Learning to quantify graph nodes

📅 2025-03-19
📈 Citations: 0
Influential: 0
📄 PDF
🤖 AI Summary
This paper addresses network quantification—the task of accurately estimating class proportions within unlabeled node subsets of a graph, without access to node labels, while confronting challenges including prior shift, structural heterogeneity, and scalability to large-scale graphs. Traditional post-classification counting paradigms fail in this setting, and existing methods lack sufficient flexibility and robustness. To overcome these limitations, we propose XNQ, the first unified framework for unsupervised network quantification. XNQ employs random recursive GNNs to generate efficient, label-free node embeddings and integrates a quantification-aware EM calibration mechanism to adaptively model diverse connection patterns, distributional shifts, and heterogeneous graph structures. Extensive evaluation on multi-class network quantification benchmarks demonstrates that XNQ consistently outperforms state-of-the-art methods, achieving significantly lower average quantification error.

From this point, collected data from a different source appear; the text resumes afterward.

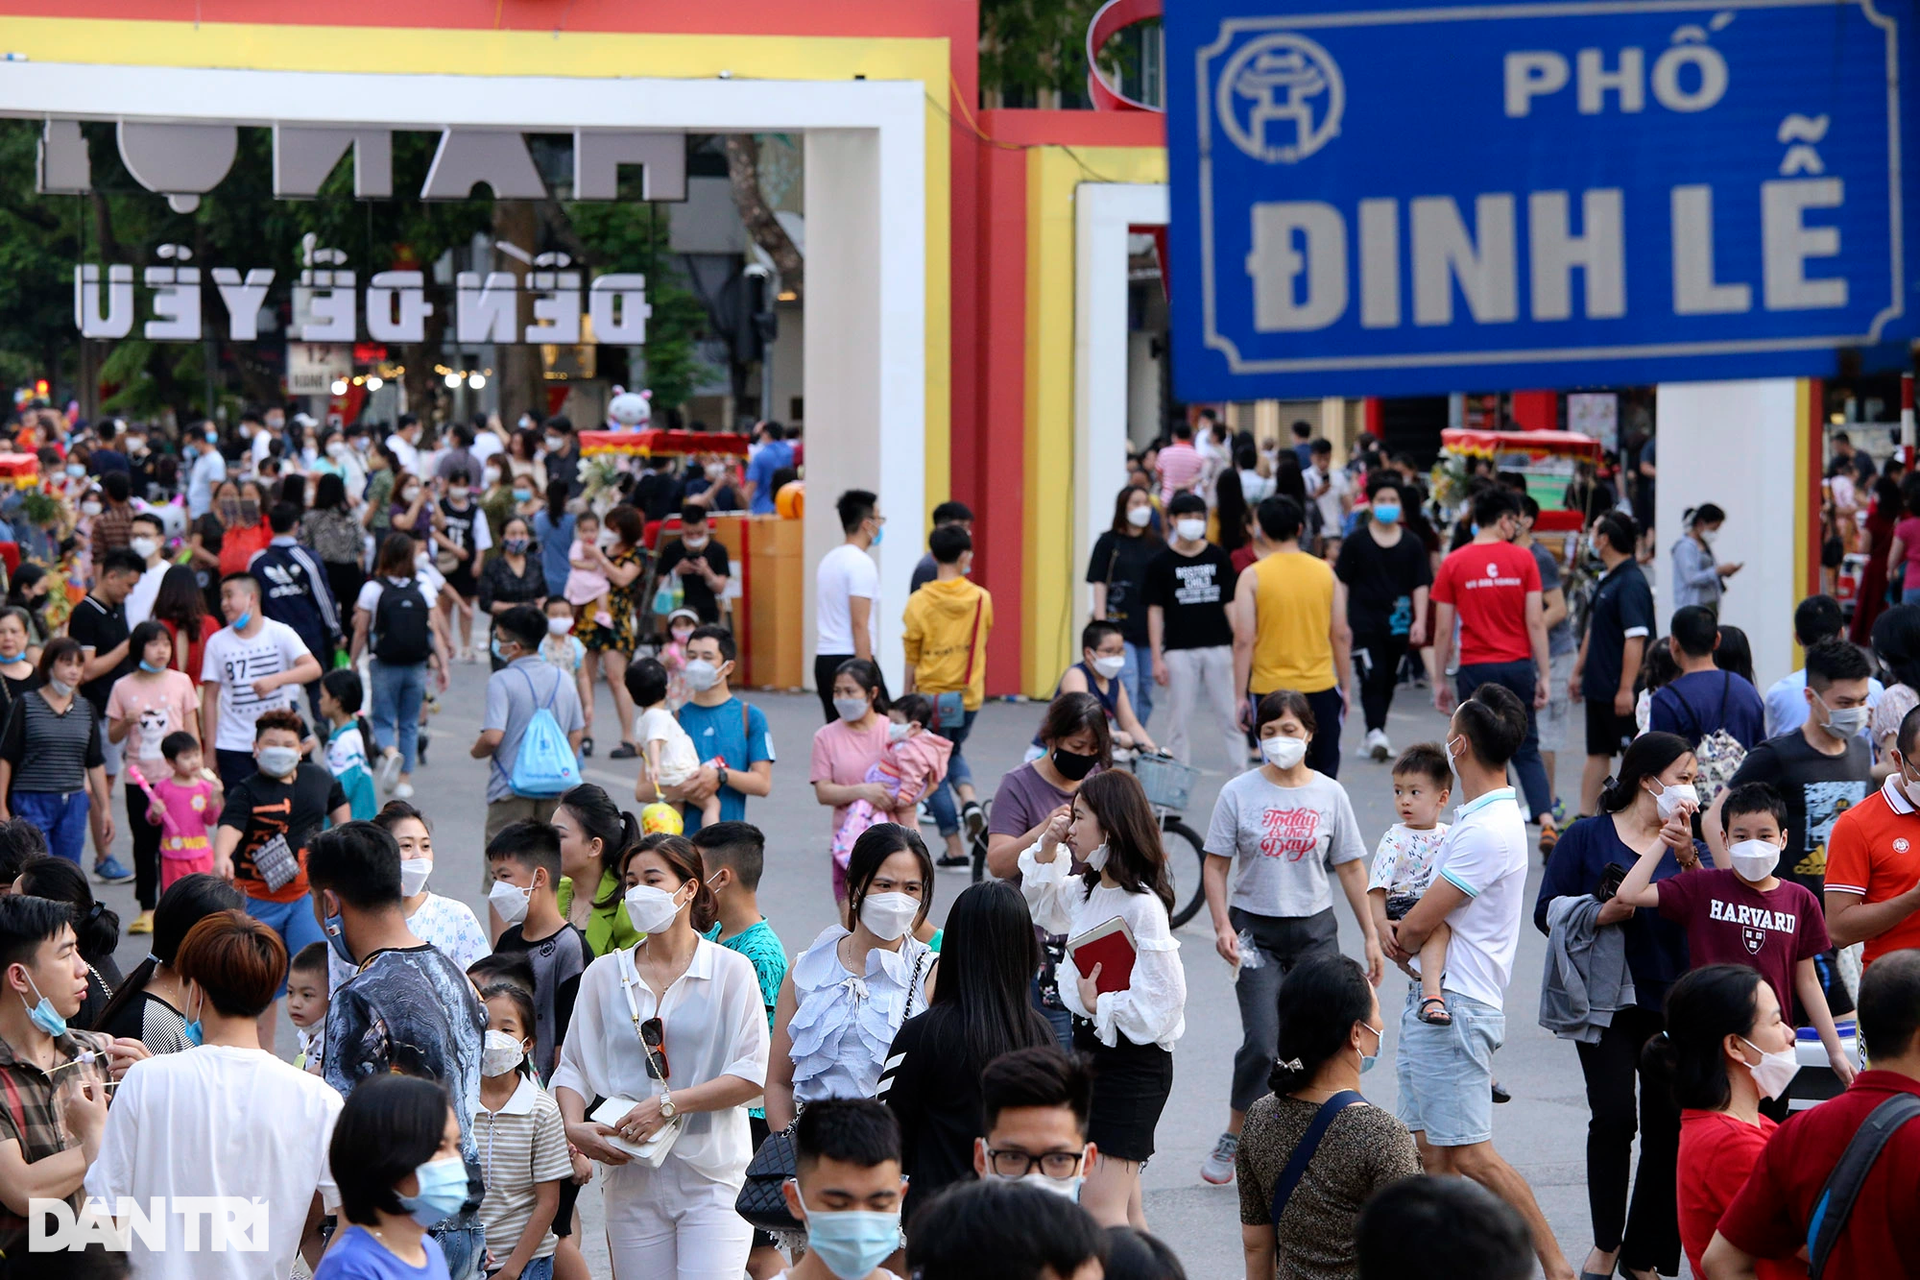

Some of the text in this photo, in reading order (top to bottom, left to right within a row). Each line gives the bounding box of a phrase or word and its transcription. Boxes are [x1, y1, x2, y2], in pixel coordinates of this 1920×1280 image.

[1503, 11, 1733, 118] PHỐ
[1245, 113, 1849, 333] ĐINH LỄ
[225, 659, 247, 681] 87
[1262, 807, 1320, 838] Today
[1284, 826, 1308, 838] the
[1261, 838, 1317, 862] Day
[1709, 899, 1796, 934] HARVARD

Moreover, it accelerates training by 10–100×, while maintaining high accuracy, strong robustness to distribution shifts, and linear scalability to large graphs.

Technology Category

Application Category

📝 Abstract
Network Quantification is the problem of estimating the class proportions in unlabeled subsets of graph nodes. When prior probability shift is at play, this task cannot be effectively addressed by first classifying the nodes and then counting the class predictions. In addition, unlike non-relational quantification on i.i.d. datapoints, Network Quantification demands enhanced flexibility to capture a broad range of connectivity patterns, resilience to the challenge of heterophily, and efficiency to scale to larger networks. To meet these stringent requirements we introduce XNQ, a novel method that synergizes the flexibility and efficiency of the unsupervised node embeddings computed by randomized recursive Graph Neural Networks, with an Expectation-Maximization algorithm that provides a robust quantification-aware adjustment to the output probabilities of a calibrated node classifier. We validate the design choices underpinning our method through comprehensive ablation experiments. In an extensive evaluation, we find that our approach consistently and significantly improves on the best Network Quantification methods to date, thereby setting the new state of the art for this challenging task. Simultaneously, it provides a training speed-up of up to 10x-100x over other graph learning based methods.
Problem

Research questions and friction points this paper is trying to address.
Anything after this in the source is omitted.